Currently motor pricing generally uses a series of attributes related to the vehicle and the driver, which act as proxies to describe both the driver behaviour and the underlying risk costs. Within this framework, gender is a heavily embedded factor in the numerous statistical models that are commonly used when an insurer calculates the final price and develops its business strategies.
Typically young male drivers are charged more than young female drivers as a result not only of them having an increased chance of causing an accident, but also when they do have an accident, it is often significantly larger and more serious than an accident caused by a young female driver.
"There are a whole host of ramifications for insurers associated with this decision, particularly in the highly price-competitive motor insurance market."
Finding common ground
So if a common price needs to be charged to men and women, a decision needs to be made about which price to charge. At its most basic level the insurer has two options: either charge the higher male price and potentially price itself out of the market for all ‘good' risks or charge the cheaper female price, leaving itself underpriced for many individuals, which may lead to profitability issues. There is also clearly a risk that this directive will lead to price rises for young female drivers, which relative to their inherent level of risk could be viewed as unfair discrimination in its own right.
Given the vast amount of public and third party data that is now available, it is altogether conceivable that insurers will find another factor or combination of factors that can replace gender in their pricing models. Developing better vehicle classifications might help - could colour become a factor in vehicle classifications?
Alternatively the wide range of factors that are already used in marketing models could be used to develop a ‘people classification' for pricing purposes. Possibly more sensitive questions such as number of years in employment or even asking what the household income is could be asked. Ultimately insurers are expected to investigate a range of new rating factors to price motor insurance.
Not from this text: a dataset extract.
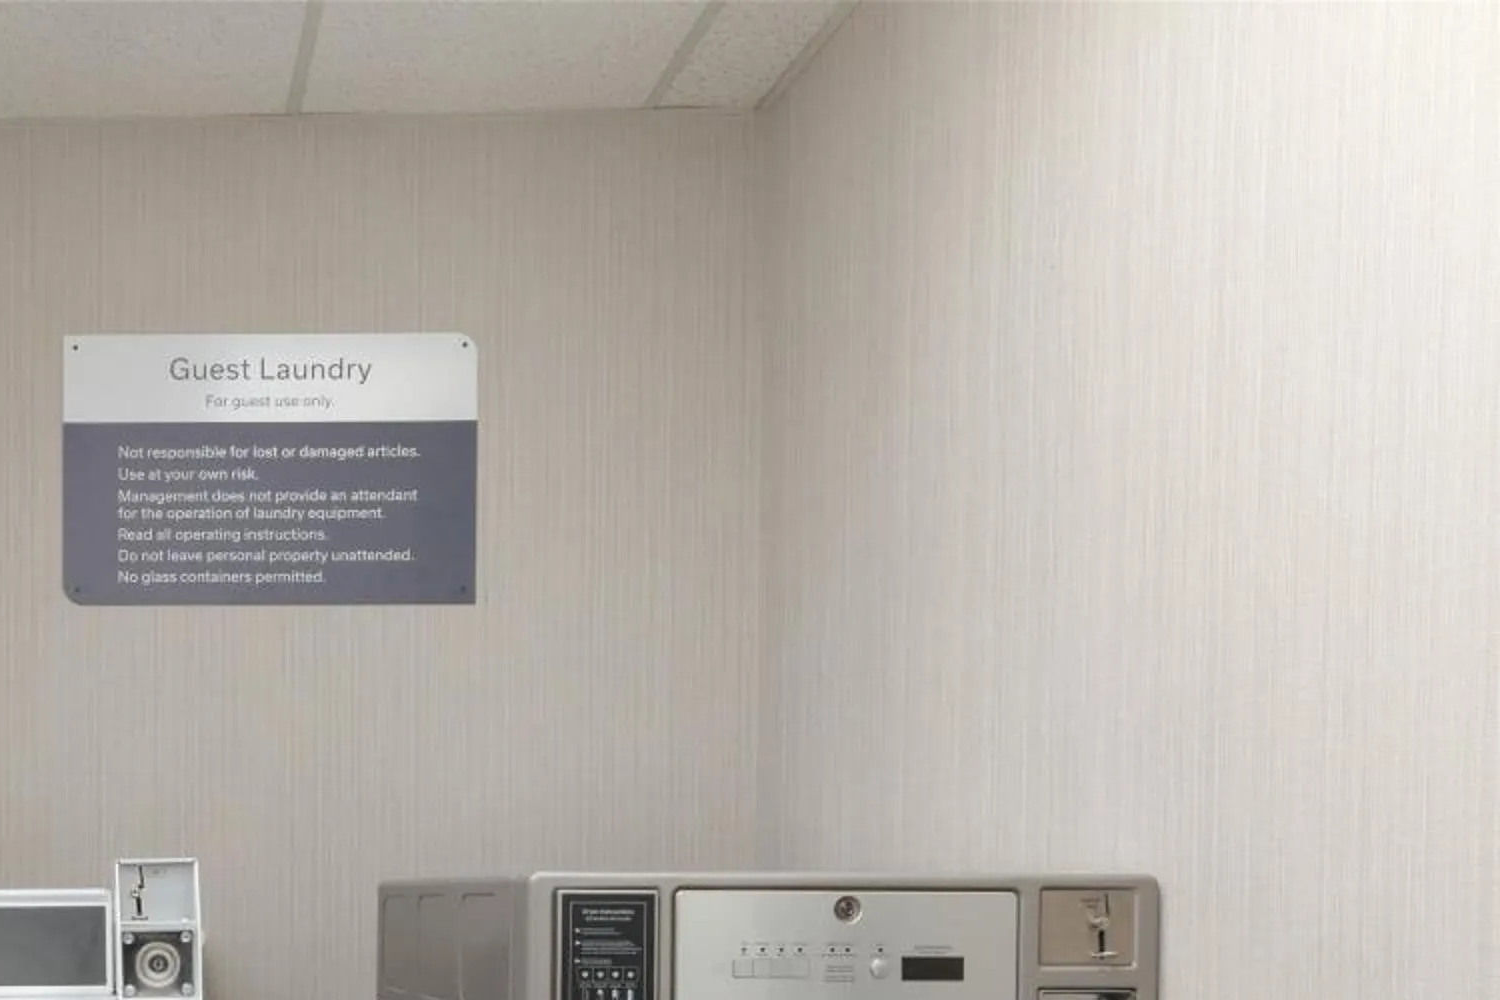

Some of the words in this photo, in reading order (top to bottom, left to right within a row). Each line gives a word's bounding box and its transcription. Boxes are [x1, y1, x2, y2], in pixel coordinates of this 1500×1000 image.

This directive may also force the insurance industry - notorious for its lack of technological innovation - to re-examine the business case for technology such as telematics. This technology, which enables the way in which a policyholder drives to be captured, could be used as a gender-neutral way to understand the risk of the driver and potentially offer better risk-priced premiums. This would have the added benefit of rewarding drivers who actually do drive carefully. However, such an approach would mean any ensuing marketing campaigns would need to overcome the ‘big brother' stigma that is currently attached to them.
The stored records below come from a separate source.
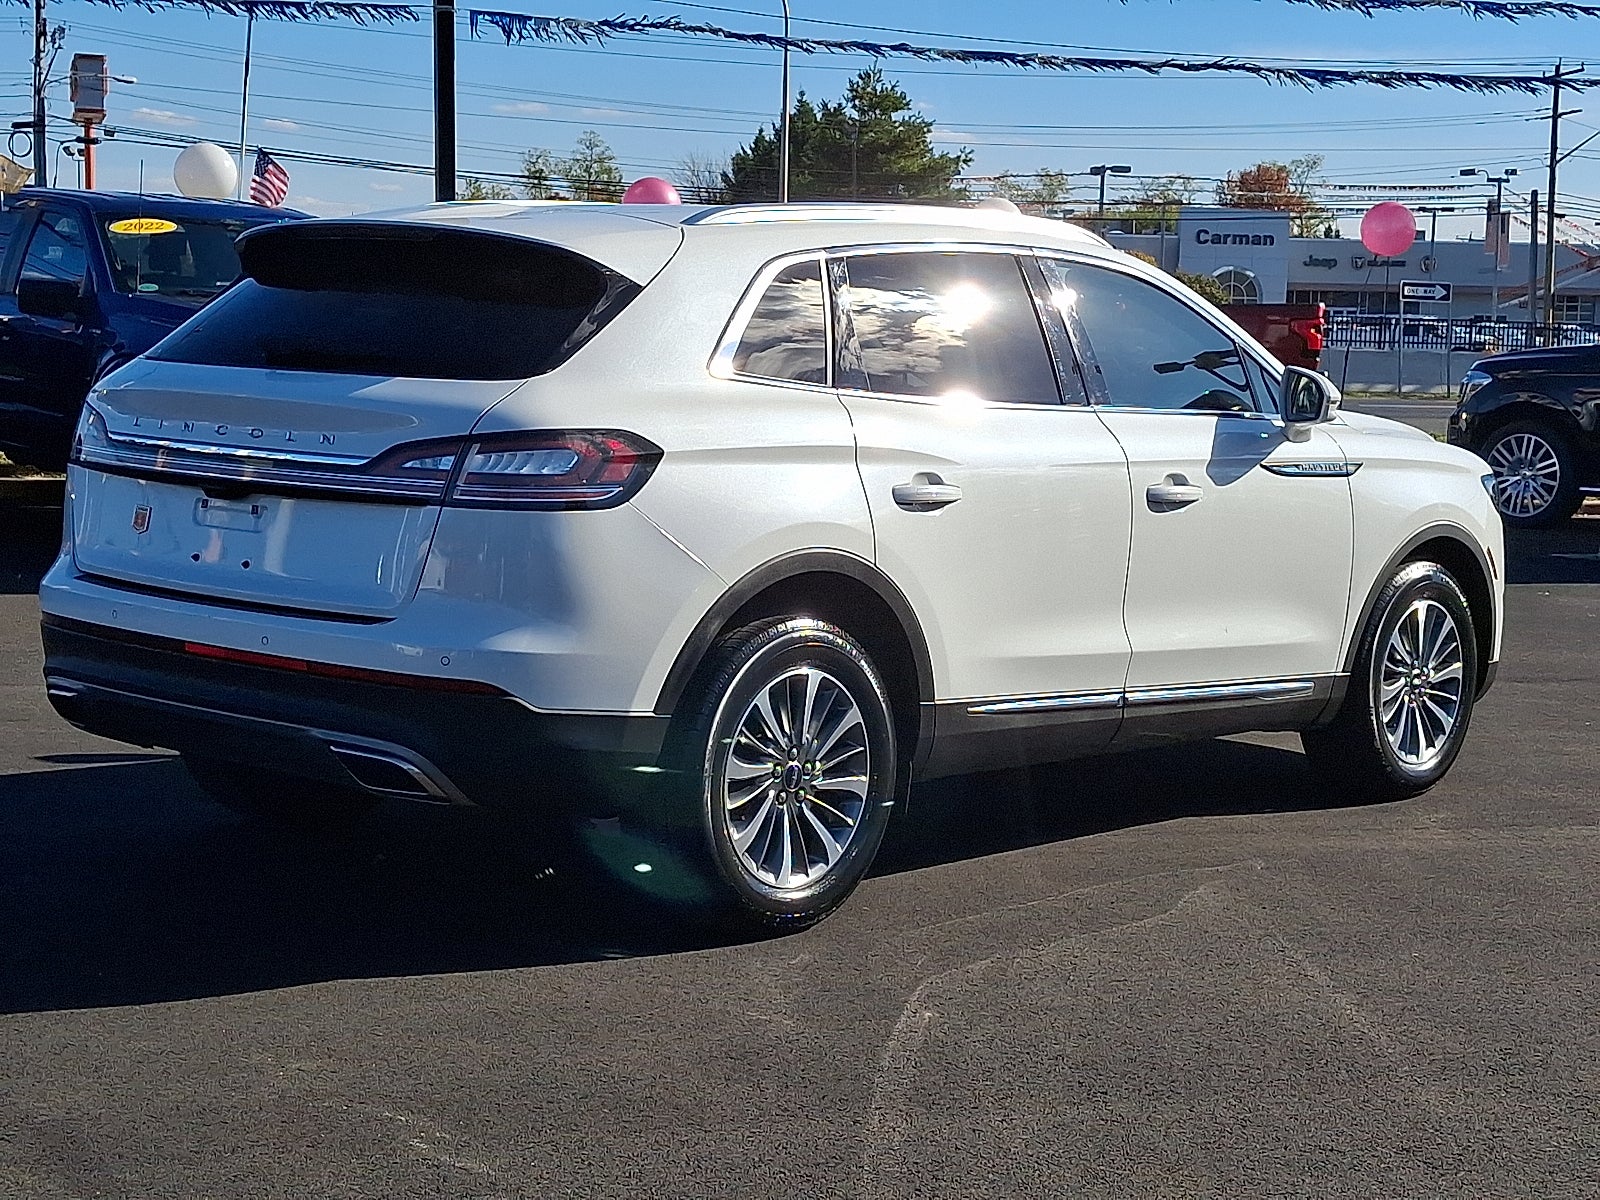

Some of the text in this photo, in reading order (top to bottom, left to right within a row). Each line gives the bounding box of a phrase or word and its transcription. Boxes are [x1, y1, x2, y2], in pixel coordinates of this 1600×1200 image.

[123, 221, 165, 231] 2022
[1196, 228, 1275, 246] Carman
[1302, 254, 1338, 270] Jeep
[1406, 287, 1420, 295] ONE
[133, 416, 336, 445] LINCOLN
"Marketing campaigns would need to overcome the ‘big brother' stigma that is currently attached to them."
The worst case scenario is that, come December 2012, insurers have not developed a way to replace gender from their pricing algorithm and as a result will increase significantly young female prices to levels that are unaffordable.
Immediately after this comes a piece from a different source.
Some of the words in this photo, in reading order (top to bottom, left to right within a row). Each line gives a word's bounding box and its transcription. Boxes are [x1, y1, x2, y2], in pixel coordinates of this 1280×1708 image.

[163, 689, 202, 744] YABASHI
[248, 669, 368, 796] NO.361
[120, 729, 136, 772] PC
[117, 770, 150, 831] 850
Notably, the smaller insurers that are currently under pressure to comply with impending Solvency II regulations may not have the time or resources to investigate other options to replace gender from their rating algorithms fully and may lose out to bigger players.
Interestingly, insurers' injury claims settlements currently also discriminate on gender: women are expected to live longer than men, which will lead to their cost of living claim settlements in injury cases being greater than those of men. It is likely that these settlements will come under further scrutiny and may no longer be allowed.
The outcome of the ECJ ruling will likely have far reaching consequences beyond gender. Discrimination based on robust statistical analysis is an accepted approach to pricing business for insurers: similar analyses based on postcode are common, which could be viewed as racial discrimination due to the range of demographics present in different postcodes.
"The worst case scenario is significant increases for young female prices to levels that are unaffordable."
Likewise, could using the age of a driver in rating models be viewed as age discrimination? Removing age as a factor would have far greater ramifications than the gender ruling and would possibly lead to a revamp of ‘experience' based factors such as ‘no claims discount' systems or the need for driving experience to be validated. If gender can no longer be used as a rating factor, there are clearly other factors which may subsequently come under unfair discrimination scrutiny and the ruling is likely to be the catalyst for further change in the way rating models are used.
Clearly, with a December 2012 deadline looming, time isn't on insurers' side. Individual insurers' responses to the ruling are not yet known: matching female prices at the male rate? Exploring new rating factors? Using this change as an opportunity to seize market share by holding female rates while taking a hit on profitability? Insurers need to plan their strategy and tactics now to ensure that this proposed change in December 2012 does not result in significant losses during 2013 and 2014.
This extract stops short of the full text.